I was stuck in a situation where reaching out took forever, an eternity. It was ridiculous - no matter what I did, there was always more to do. I felt like a donkey chasing a carrot dangling off a stick in front of me - no matter how hard I tried & exerted, I would never be able to reach it. The elders were picky, fault-finding, over-analyzing my life, finding reasons as to why they should not give me further privileges, instead of looking at my positive qualities & finding reasons as to why they should (there were many). I did qualify, I was very sure of it. Unfortunately, I was a victim of congregation bureaucracy, having my spiritual progress hampered by elders who seemed to be intent on giving me a hard time
Reaching out & not getting there had a reverse effect on me.
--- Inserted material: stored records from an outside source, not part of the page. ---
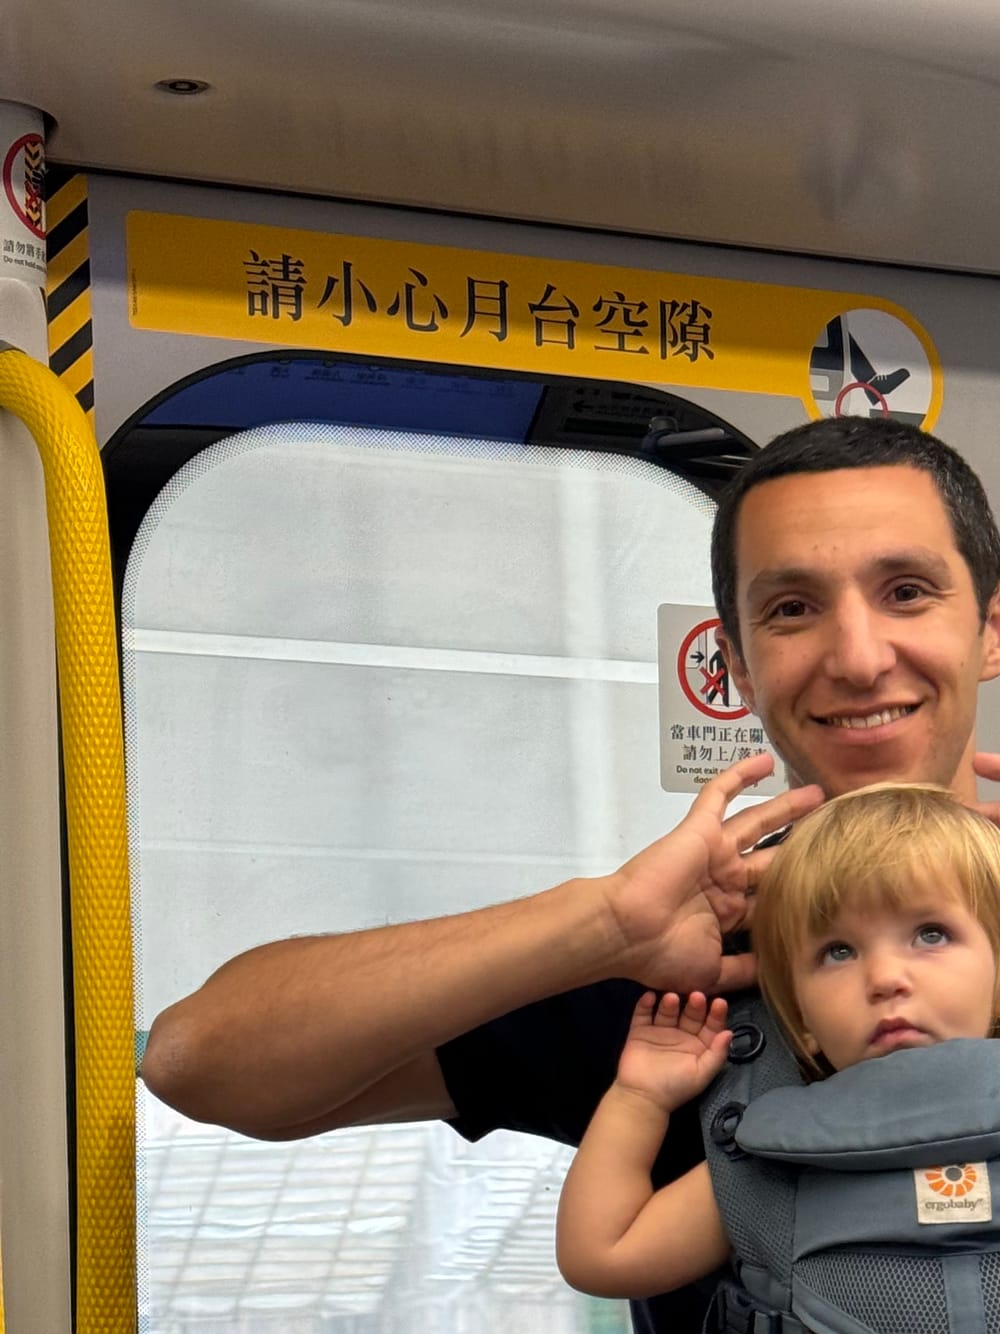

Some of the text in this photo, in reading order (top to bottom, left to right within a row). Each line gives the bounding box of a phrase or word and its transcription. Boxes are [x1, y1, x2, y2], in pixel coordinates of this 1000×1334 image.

[242, 249, 715, 362] 請小心月台空隙
[671, 724, 769, 744] 當車門正在關
[676, 765, 687, 774] Do
[689, 766, 702, 774] not
[704, 766, 718, 775] exit
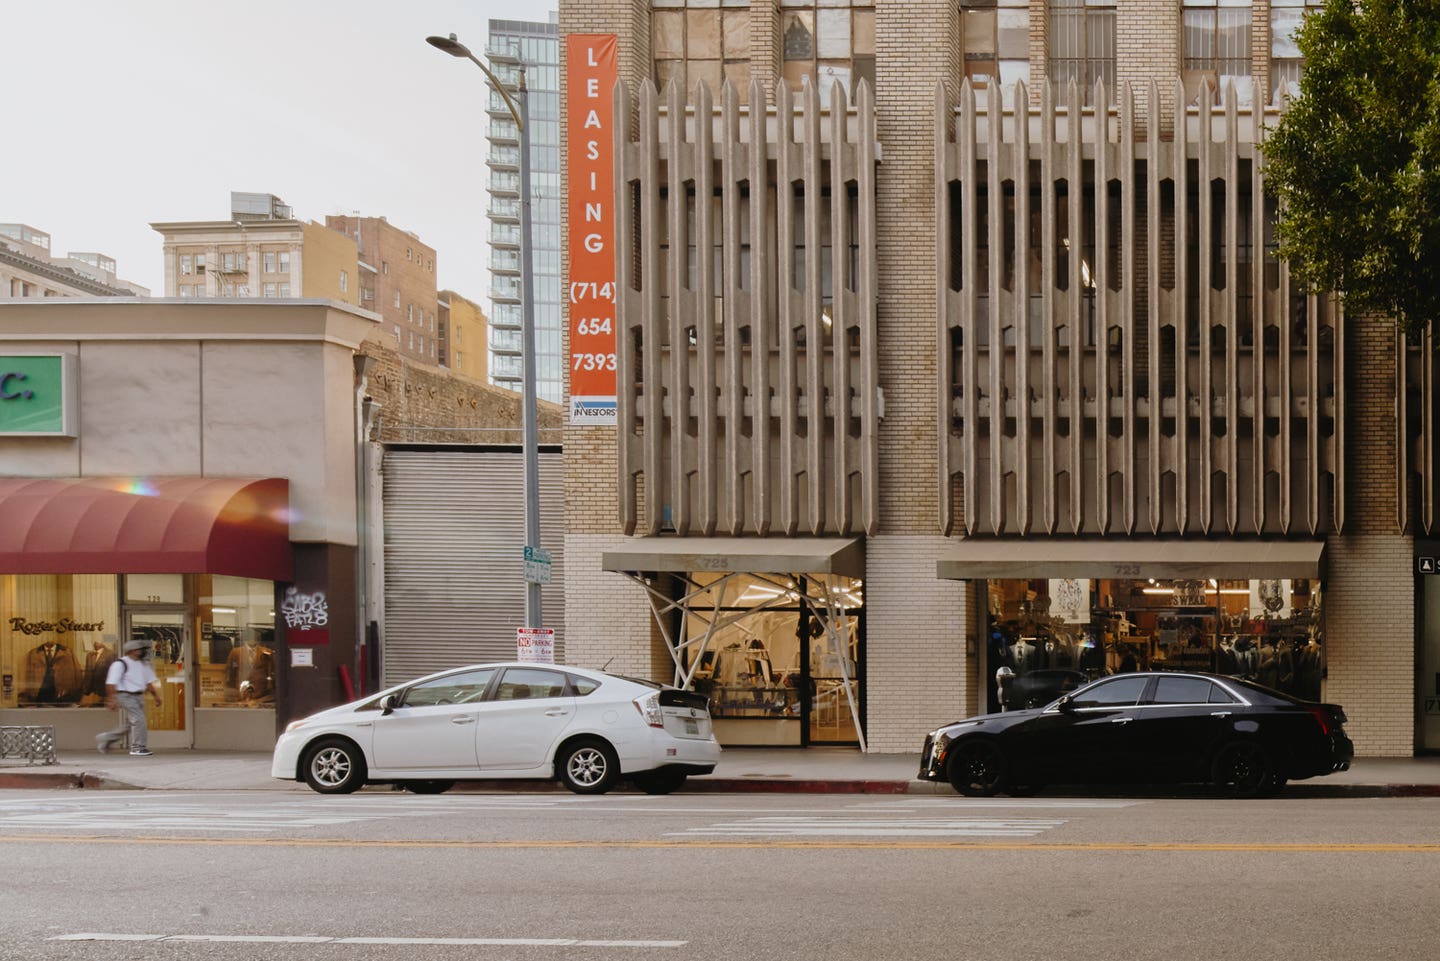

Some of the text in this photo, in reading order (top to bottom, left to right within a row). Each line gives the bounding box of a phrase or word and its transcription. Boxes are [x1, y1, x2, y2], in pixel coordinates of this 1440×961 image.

[584, 47, 604, 253] LEASING
[570, 282, 616, 303] (714)
[577, 318, 612, 335] 654
[572, 353, 616, 370] 7393
[574, 405, 616, 417] INVESTORS
[704, 557, 729, 569] 725
[1115, 564, 1141, 576] 723
[9, 617, 105, 636] Roger Stuart
[519, 638, 530, 647] NO
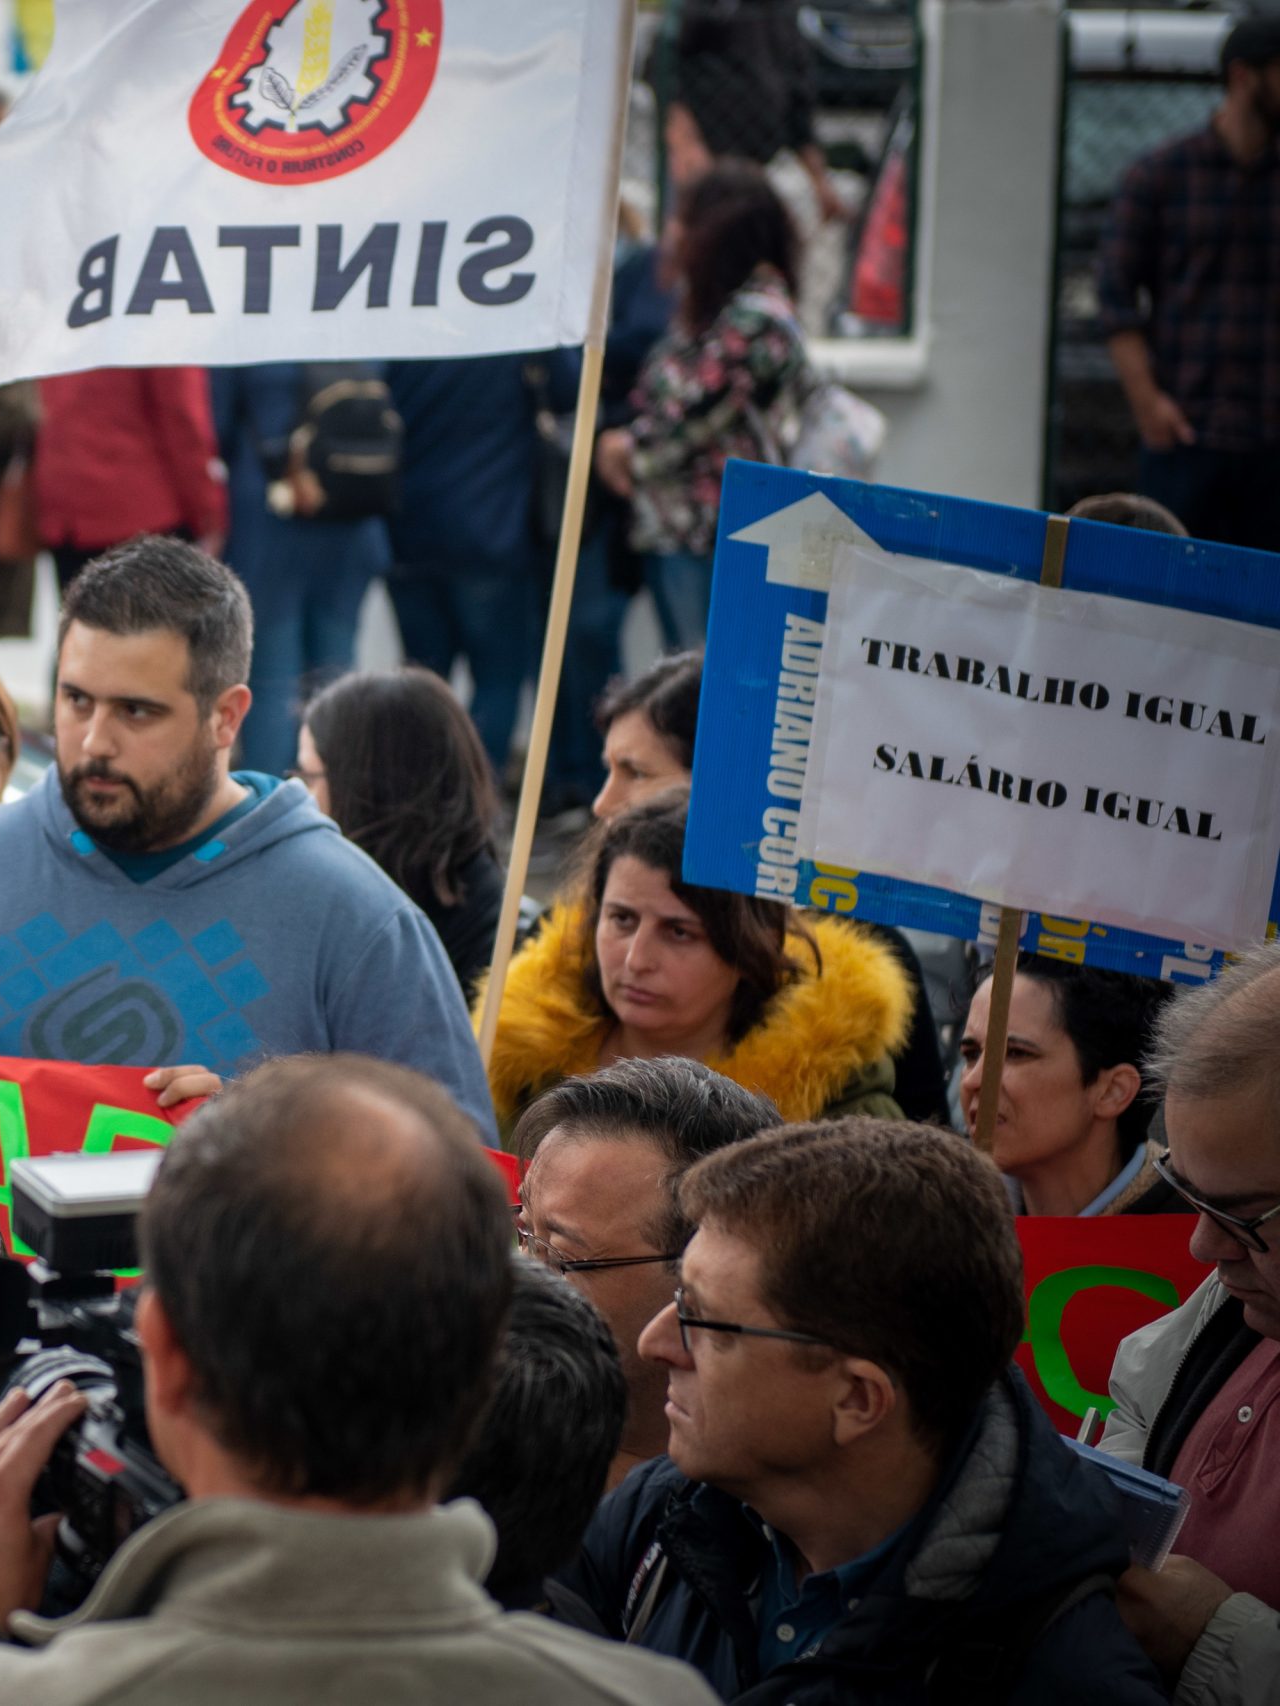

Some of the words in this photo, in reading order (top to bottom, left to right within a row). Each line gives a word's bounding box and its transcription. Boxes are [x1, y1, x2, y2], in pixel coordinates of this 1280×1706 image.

I was frustrated, tired, & drained. Instead of trying harder & doing more, I slacked off. I am an individual who needs constant motivation, and not attaining what I was reaching out for was a definite motivation killer
Things could have turned out differently, though. If I had been helped to make further advancement by the elders, I would be an elder myself by now & I wouldn't be here. If I had married a lovely, zealous pioneer sister, we could be pioneering happily together & I wouldn't be here. I could have easily ended up NOT being here if things had worked out better
It's ironic how my joy was killed by congregation bureaucracy, & as a result, I found my way here...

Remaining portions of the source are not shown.